ACTIVITY:
Type out the lines below exactly, pictures excluded.

DATA FOR THIS EXERCISE:
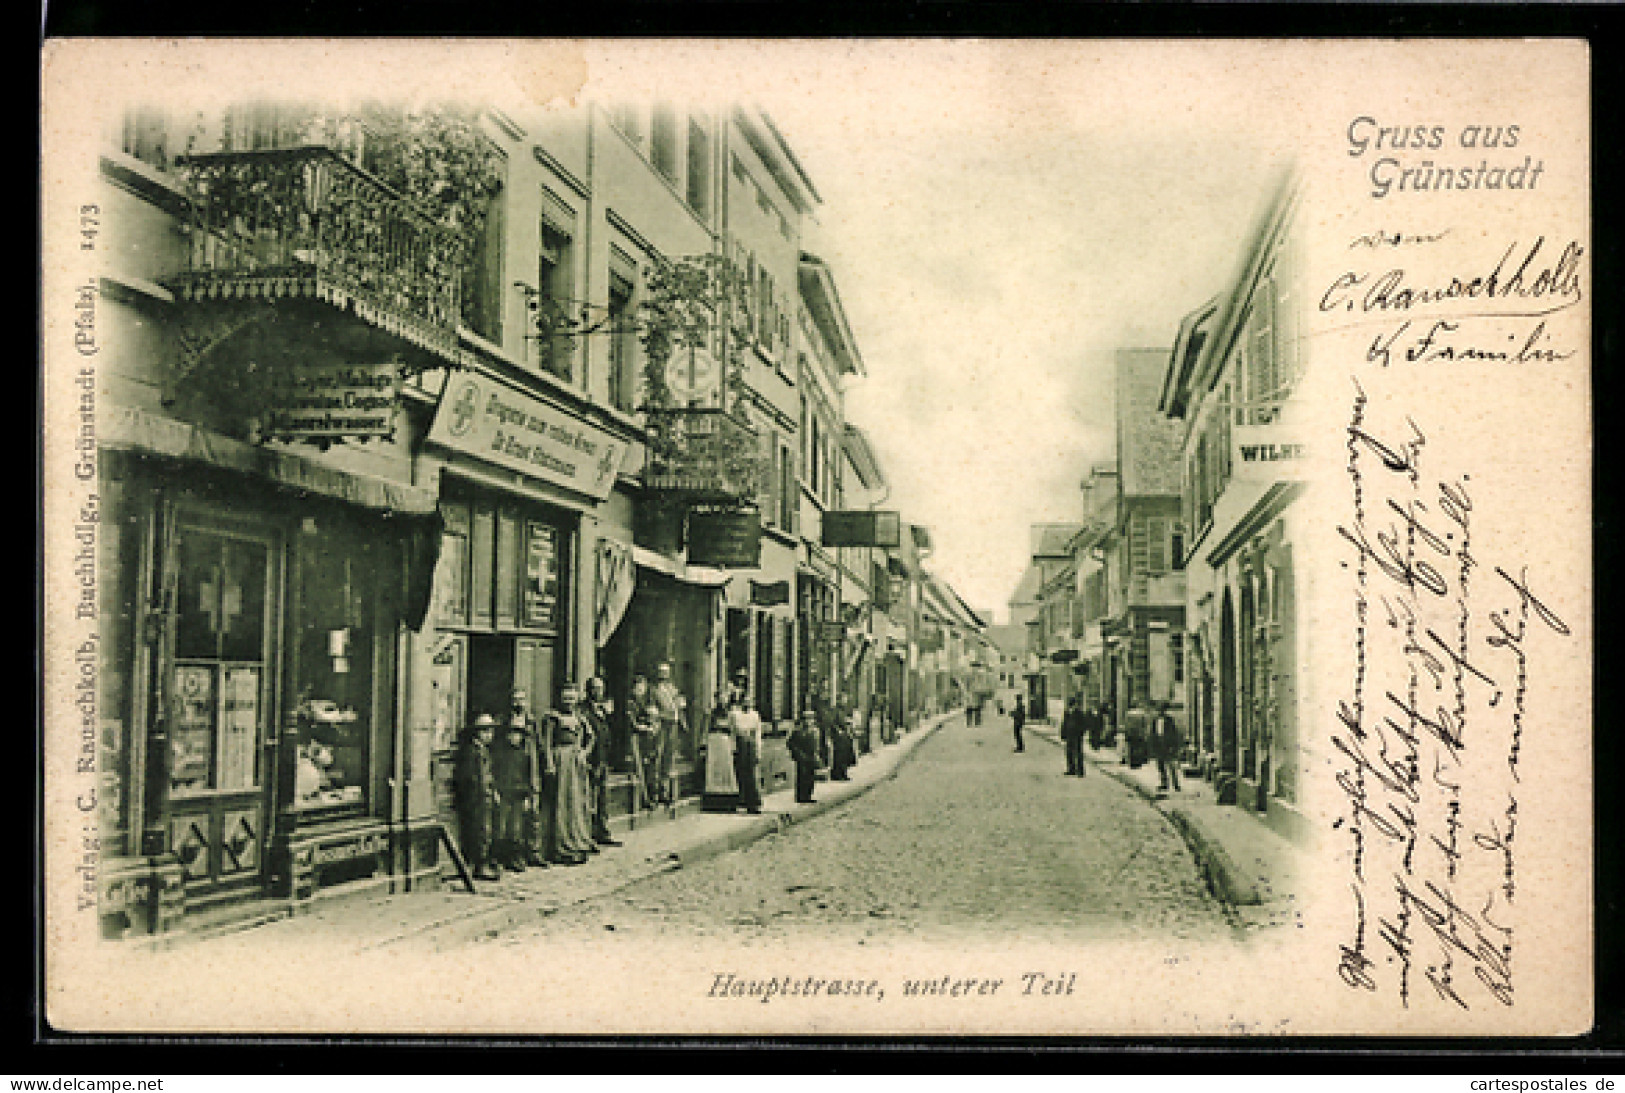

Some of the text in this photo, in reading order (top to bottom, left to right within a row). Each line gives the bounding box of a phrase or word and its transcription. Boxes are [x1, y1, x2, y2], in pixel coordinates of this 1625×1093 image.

[1347, 116, 1521, 157] Gruss aus
[1370, 156, 1545, 198] Grünstadt
[80, 204, 99, 250] 1473
[76, 369, 97, 481] Grünstadt
[76, 633, 98, 773] Rauschkolb,
[77, 789, 97, 812] C.
[77, 828, 99, 913] Verlag:
[708, 972, 1076, 1004] Hauptstrasse, unterer Teil

RESPONSE AREA:
Some of the text in this photo, in reading order (top to bottom, left to right within a row). Each line gives the bounding box of a phrase or word and its transcription. Boxes are [x1, y1, x2, y2], in pixel coordinates of this 1625×1093 image.

[1347, 116, 1521, 157] Gruss aus
[1370, 156, 1545, 198] Grünstadt
[80, 204, 99, 250] 1473
[76, 369, 97, 481] Grünstadt
[76, 633, 98, 773] Rauschkolb,
[77, 789, 97, 812] C.
[77, 828, 99, 913] Verlag:
[708, 972, 1076, 1004] Hauptstrasse, unterer Teil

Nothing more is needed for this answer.